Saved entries
=== Begin Enclosure ===

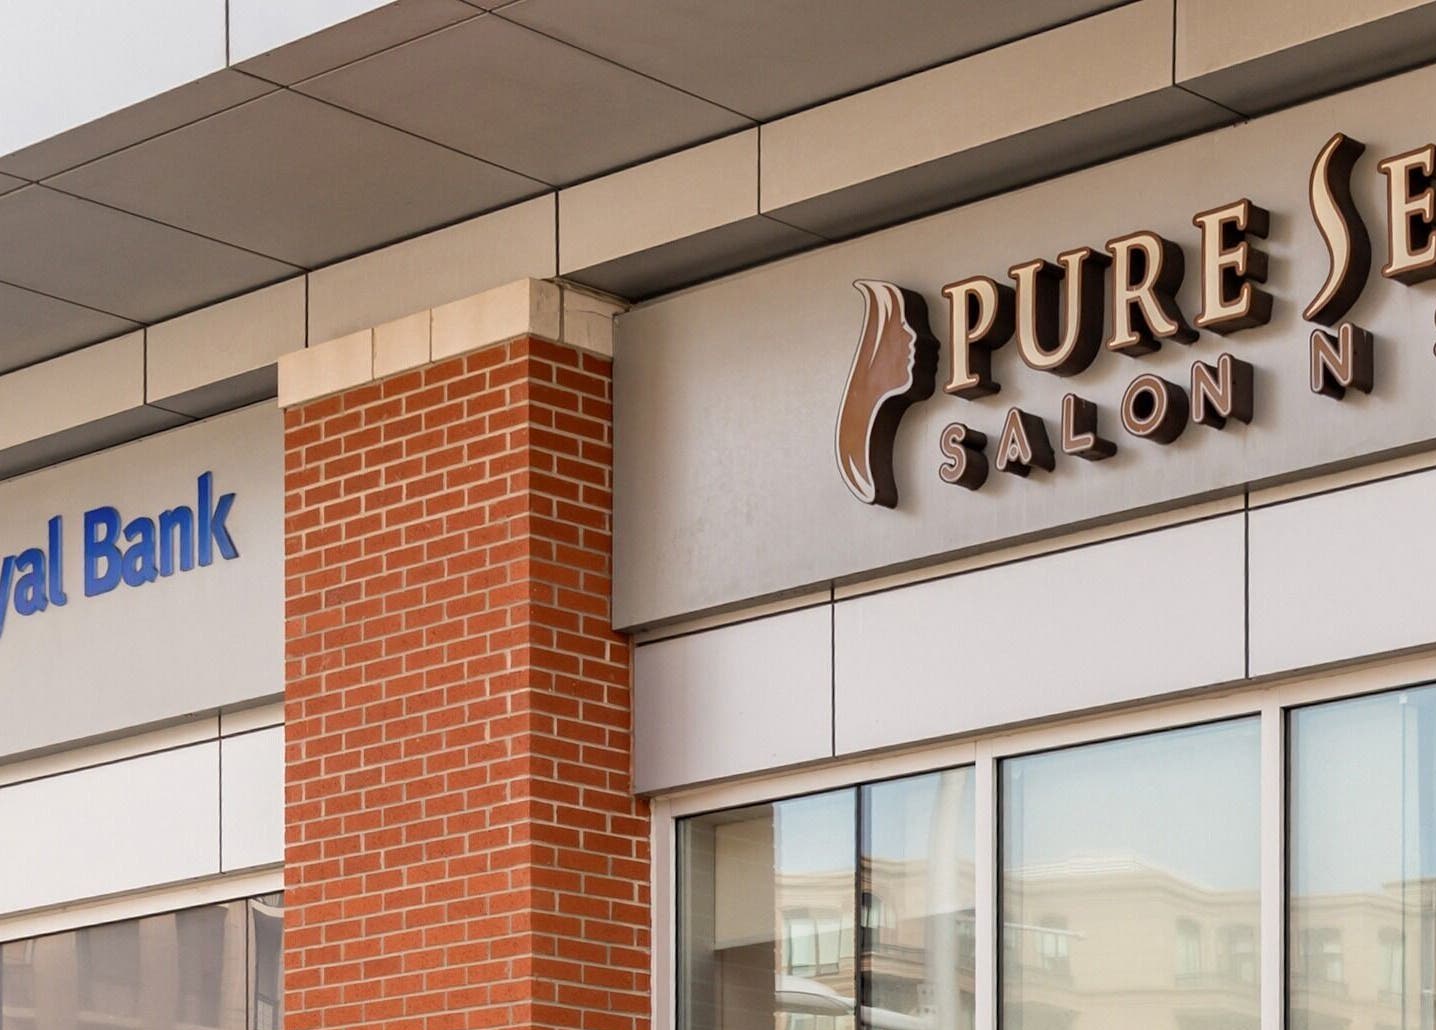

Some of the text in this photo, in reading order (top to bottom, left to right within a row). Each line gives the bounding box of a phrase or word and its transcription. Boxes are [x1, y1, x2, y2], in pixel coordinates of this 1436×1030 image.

[942, 199, 1274, 401] PURE
[938, 353, 1255, 491] SALON
[1310, 322, 1374, 400] N
[84, 471, 239, 598] Bank

=== End Enclosure ===

What the task requires:
All of the data needs repeating exactly, but the pictures do not.

Answer below:
Some of the text in this photo, in reading order (top to bottom, left to right within a row). Each line gives the bounding box of a phrase or word and its transcription. Boxes are [x1, y1, x2, y2], in pixel coordinates of this 1436×1030 image.

[942, 199, 1274, 401] PURE
[938, 353, 1255, 491] SALON
[1310, 322, 1374, 400] N
[84, 471, 239, 598] Bank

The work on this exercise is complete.